How can we improve the relationship between computers and radiologists? How can we make use of dark matter (all the information currently not being mined from our images)? How can we combine data sets to calculate critical conditions like malignancy?
The answer to all of these questions is big data. And if it sounds a bit futuristic, that’s because it is.
Dr. Eliot Siegel of the University of Maryland School of Medicine led a webinar at the end of January, hosted by the Society for Imaging Informatics in Medicine. According to a recent HealthImaging article, Siegel both defined big data and discussed the role it could play in radiology. He explained that the National Institute of Standards and Technology defines big data as data that exceeds the capacity or capability of our current or conventional methods and systems.
Big data’s role in radiology begins with saving every clinical course and making its data available for decision support, rather than only using data from specific clinical trials. The idea is to encourage radiologists to rely more frequently on computer-aided diagnosis (CAD). Siegel noted that although a recent survey found that 89 percent of radiologists say they use CAD, only 2 percent say they often change their original interpretation based on its findings.

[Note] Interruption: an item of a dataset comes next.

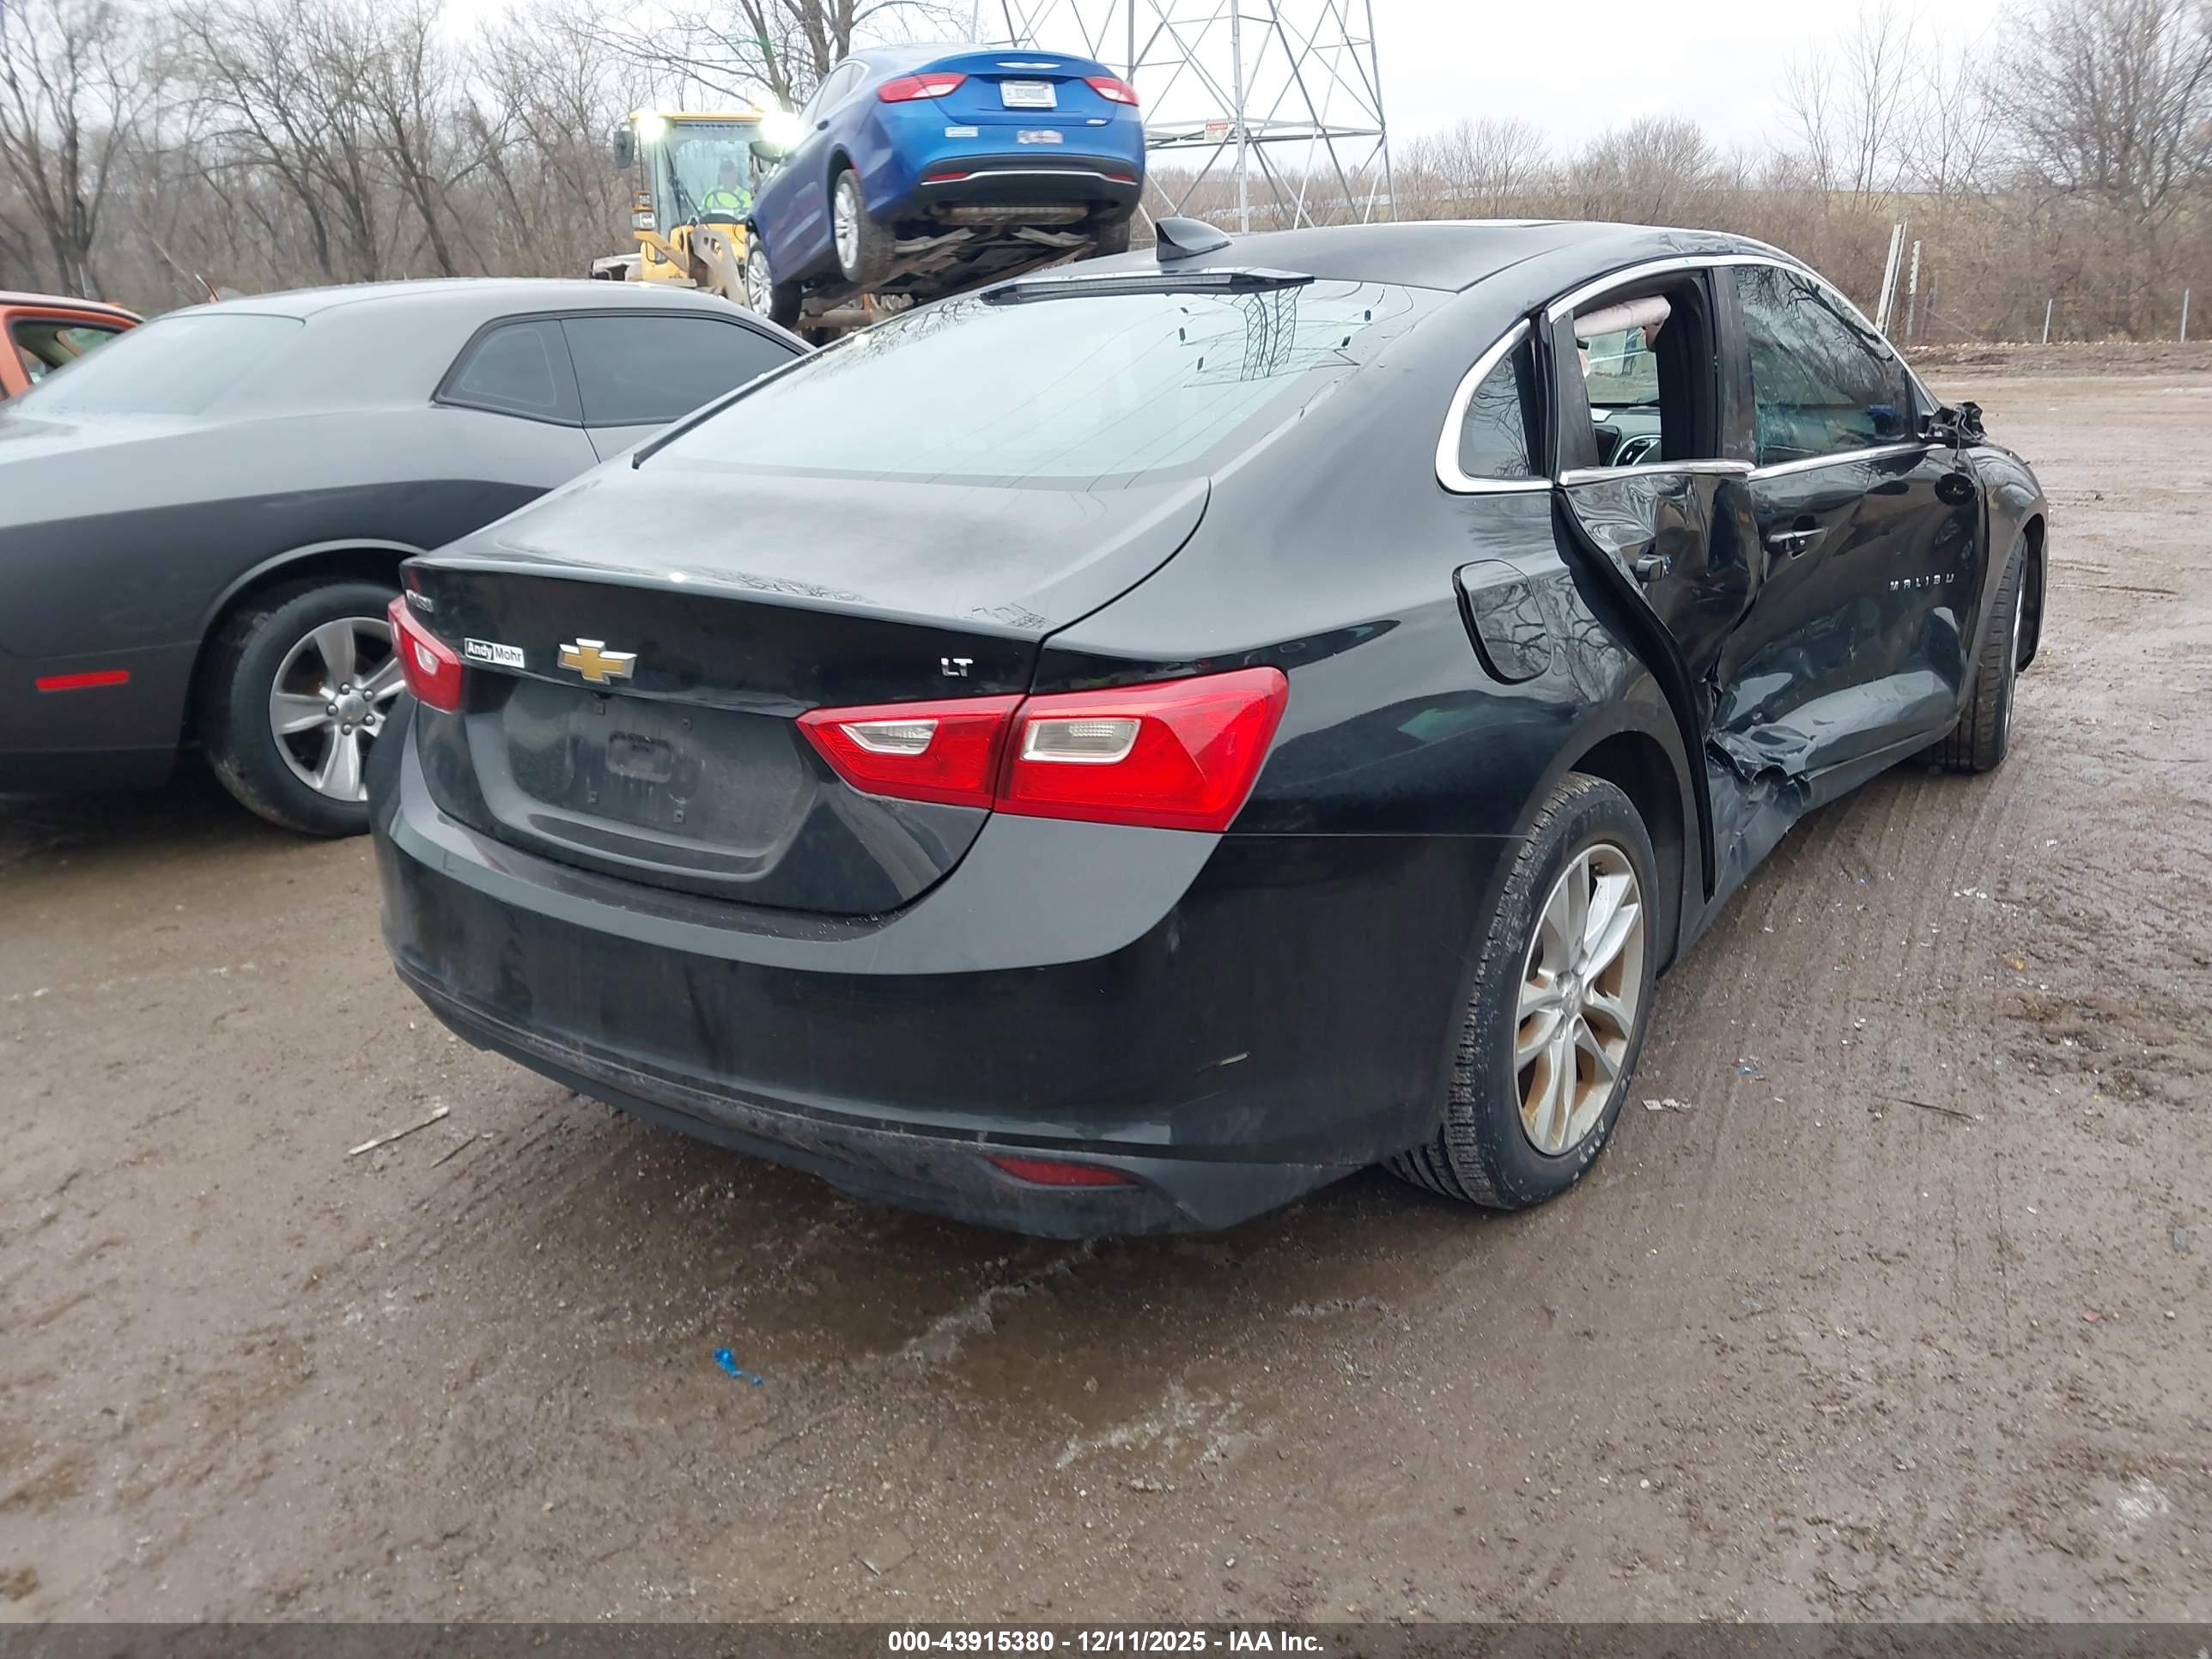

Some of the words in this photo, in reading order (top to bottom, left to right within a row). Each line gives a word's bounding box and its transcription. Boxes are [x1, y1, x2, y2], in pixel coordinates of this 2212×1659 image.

[1889, 573, 1954, 591] MALIBU
[467, 641, 493, 660] Andy
[495, 646, 522, 662] Mohr
[940, 658, 974, 677] LT

Second, 100 percent of radiology data would be saved in EMRs. Siegel explained that untagged, unmined images are the equivalent of dark matter — vast amounts of unusable information. He stressed that this must change if enterprise medical imaging is going to play a substantial role in the era of personalized medicine and computer-based decision support.
Third, the resulting large data sets would be used in CAD systems to study patients with similar characteristics and calculate the likelihood of things like malignancy. “Our goal would be to identify molecular pathways for a cancer rather than simply its diagnosis or appearance in one pathology or histology,” he said.
Finally, Siegel offered the following suggestions for radiologists who want to see this future become reality:
- Look at how you capture your data.
- Consider using formats that are easier for your reports to be mined.
- Consider tagging your studies and making them widely available.